Germany: We know of the poisoning of two exiled Russian dissidents

Is Vladimir Putin’s Enemies List Mysteriously Growing? After the Russian intelligence media, investigations begin across the Rhine agent It was reported this week that two participants in the April 29-30 meeting of Russian dissidents in Berlin are facing health problems.

A Berlin police spokesman confirmed to AFP that the investigation has been handed over to the State Security Service, which is responsible for terrorism and political crimes.

Who are the victims?

The first is presented as a journalist who recently left Russia. The second participant was Natalia Arno, director of the NGO Free Russia FoundationBased in the US, he lived in Russia for ten years after being forced to leave.

What was the reason for the meeting in Berlin?

Both women took part in the gathering of Russian enemies around the fate of Mikhail Khodorkovsky. This Russian businessman and dissident was jailed in 2003 for “large scale fraud” and “tax evasion”.

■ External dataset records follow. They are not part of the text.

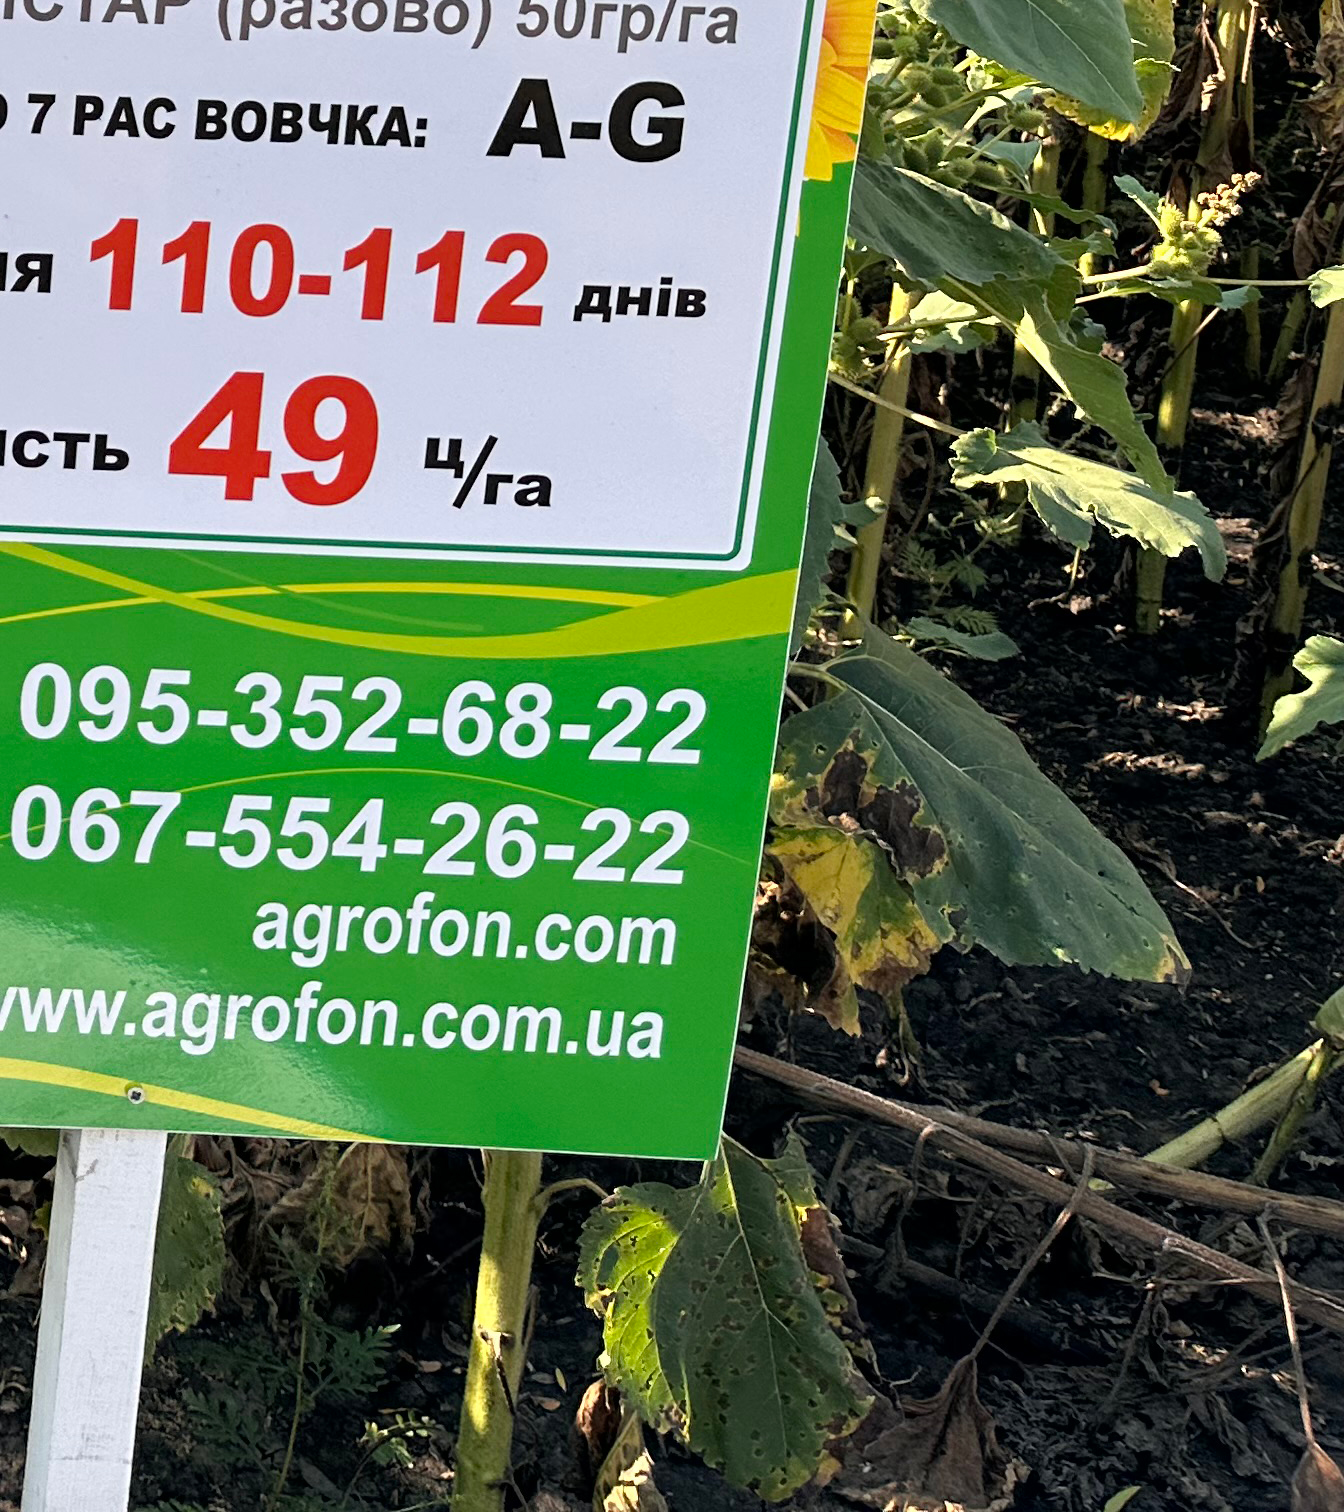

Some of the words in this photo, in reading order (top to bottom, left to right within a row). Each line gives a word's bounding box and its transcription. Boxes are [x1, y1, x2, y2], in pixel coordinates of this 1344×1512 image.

[28, 93, 56, 134] 7
[73, 95, 176, 139] РАС
[195, 100, 427, 147] ВОВЧКА:
[486, 78, 685, 162] A-G
[91, 218, 548, 326] 110-112
[573, 277, 706, 323] днів
[168, 372, 378, 506] 49
[424, 435, 551, 509] ц/га
[20, 664, 706, 764] 095-352-68-22
[12, 786, 688, 883] 067-554-26-22
[253, 892, 677, 968] agrofon.com

After ten years of imprisonment on the border of Siberia, he was pardoned by President Vladimir Putin and released in 2013. In exile in London since 2015, Russia’s richest man is a staunch critic of Putin. The former oligarch is often portrayed as a victim of the Russian regime, whose imprisonment was motivated by political reasons.

How did the events unfold?

He says the journalist experienced unspecified health problems during the event, but they may have started earlier. Agenstvo media added that in August 2020 he visited the Berlin Charide hospital where Russian dissident Alexei Navalny was treated for Novichok poisoning.

Natalia Arno, meanwhile, reported “the first strange symptoms” during her trip to Berlin to attend the conference, she said in a message posted on Facebook this week.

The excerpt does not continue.